* WORK ITEM:
With the pictures left out, print exactly the lines below that run from the one containing "this 1920×1080 image." through the one containing "this 1387×1560 image.".

* SOURCE MATERIAL:
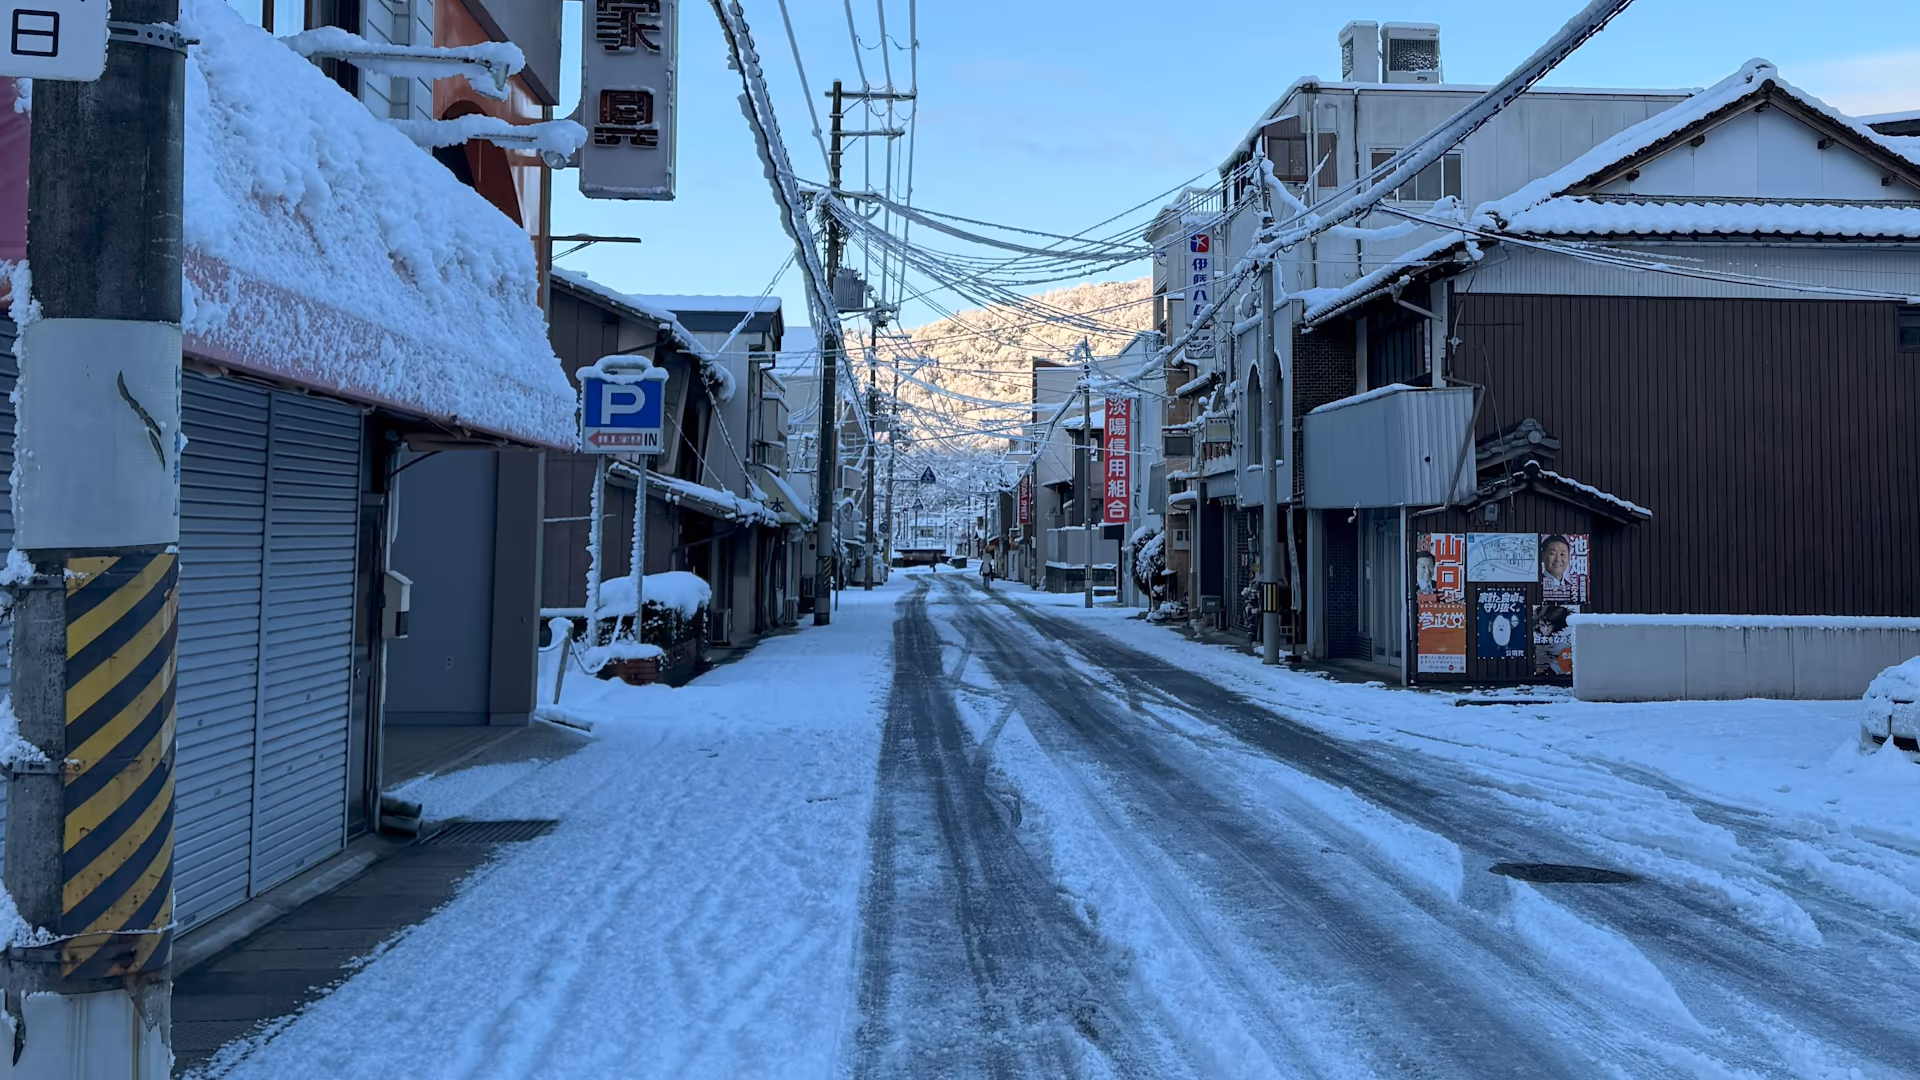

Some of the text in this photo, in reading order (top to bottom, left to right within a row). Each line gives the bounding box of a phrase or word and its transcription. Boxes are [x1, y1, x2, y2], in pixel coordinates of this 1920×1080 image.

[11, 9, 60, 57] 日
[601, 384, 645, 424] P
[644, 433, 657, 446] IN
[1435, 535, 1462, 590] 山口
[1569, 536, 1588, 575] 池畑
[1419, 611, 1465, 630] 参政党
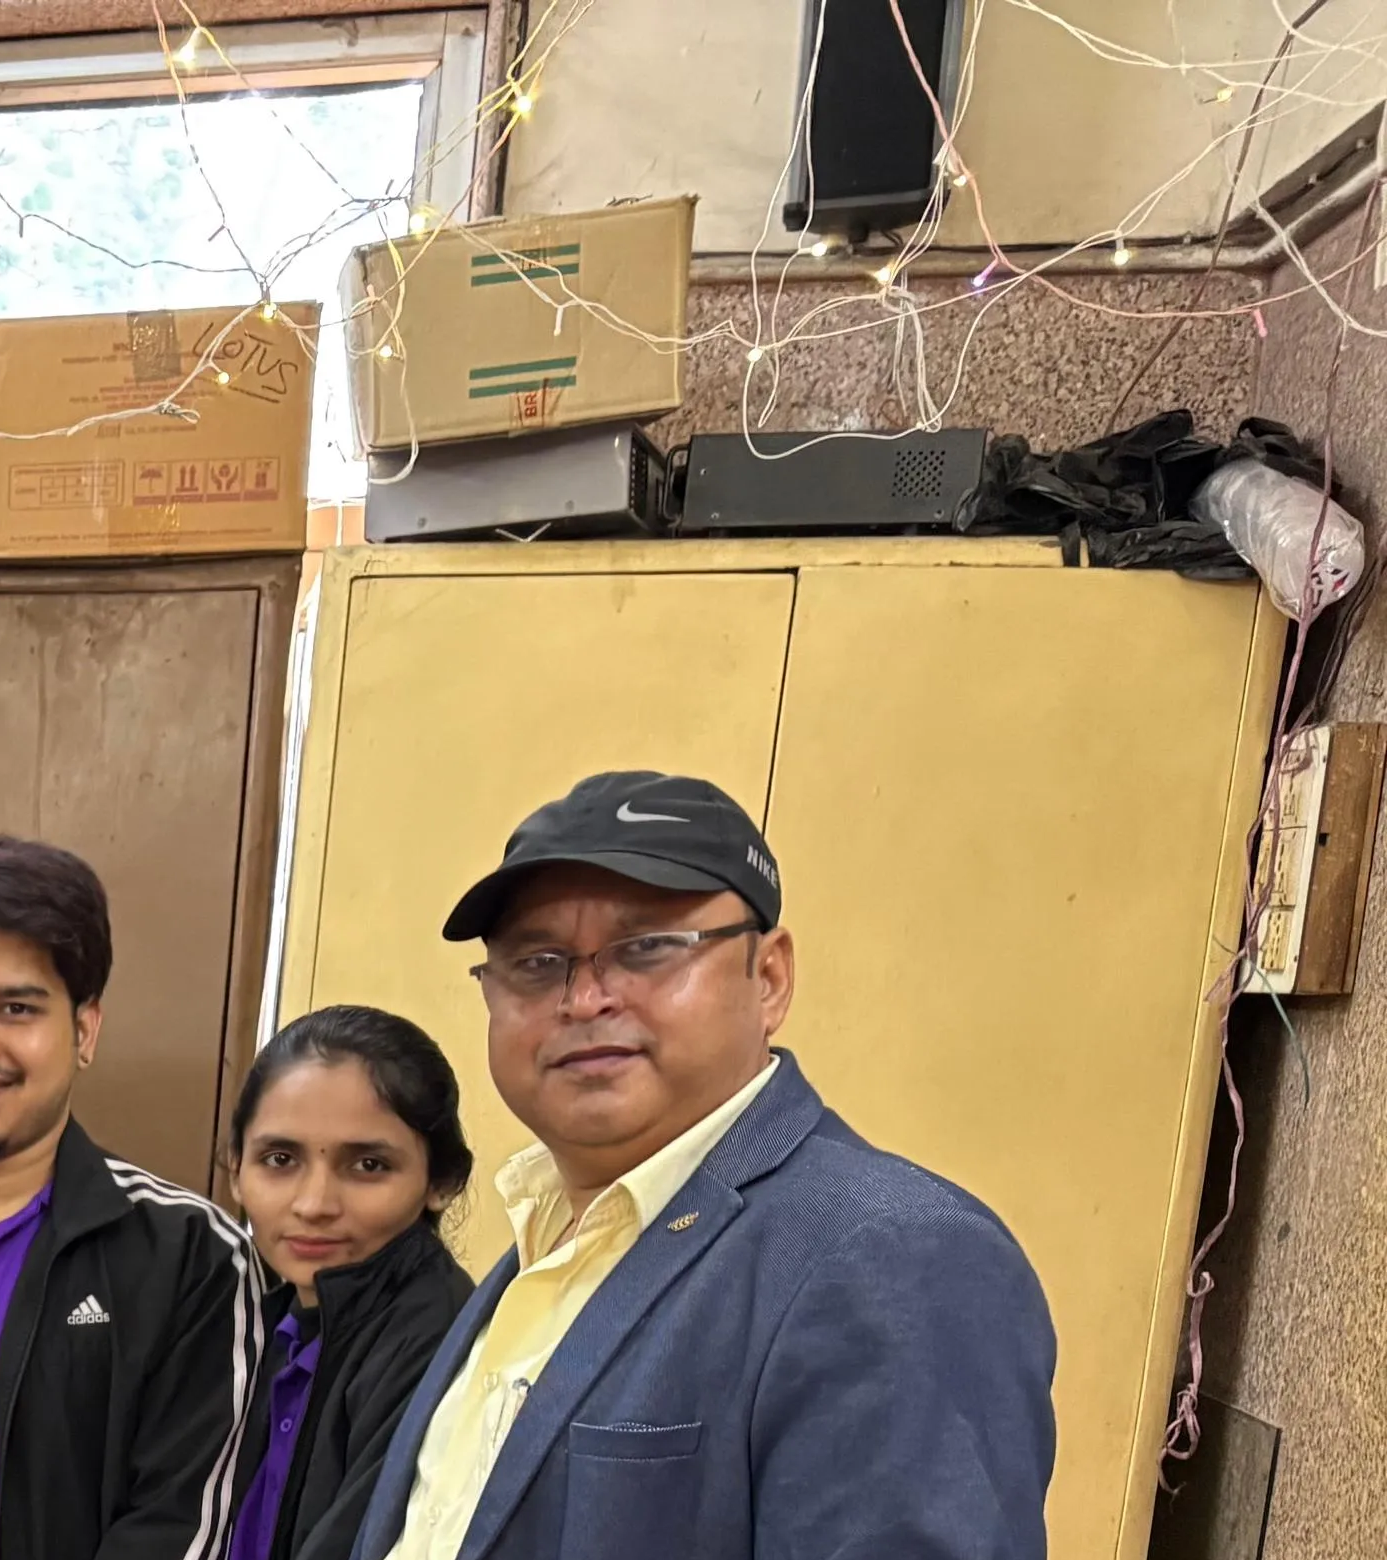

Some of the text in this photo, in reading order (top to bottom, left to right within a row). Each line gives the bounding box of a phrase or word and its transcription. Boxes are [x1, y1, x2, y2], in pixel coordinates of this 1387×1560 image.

---

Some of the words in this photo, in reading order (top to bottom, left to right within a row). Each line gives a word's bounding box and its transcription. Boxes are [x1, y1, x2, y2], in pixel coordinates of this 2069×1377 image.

* RESULT:
Some of the text in this photo, in reading order (top to bottom, left to right within a row). Each line gives the bounding box of a phrase or word and its transcription. Boxes are [x1, y1, x2, y2], in pixel coordinates of this 1920×1080 image.

[11, 9, 60, 57] 日
[601, 384, 645, 424] P
[644, 433, 657, 446] IN
[1435, 535, 1462, 590] 山口
[1569, 536, 1588, 575] 池畑
[1419, 611, 1465, 630] 参政党

Some of the text in this photo, in reading order (top to bottom, left to right within a row). Each line gives the bounding box of a phrase or word and its transcription. Boxes are [x1, y1, x2, y2], in pixel coordinates of this 1387×1560 image.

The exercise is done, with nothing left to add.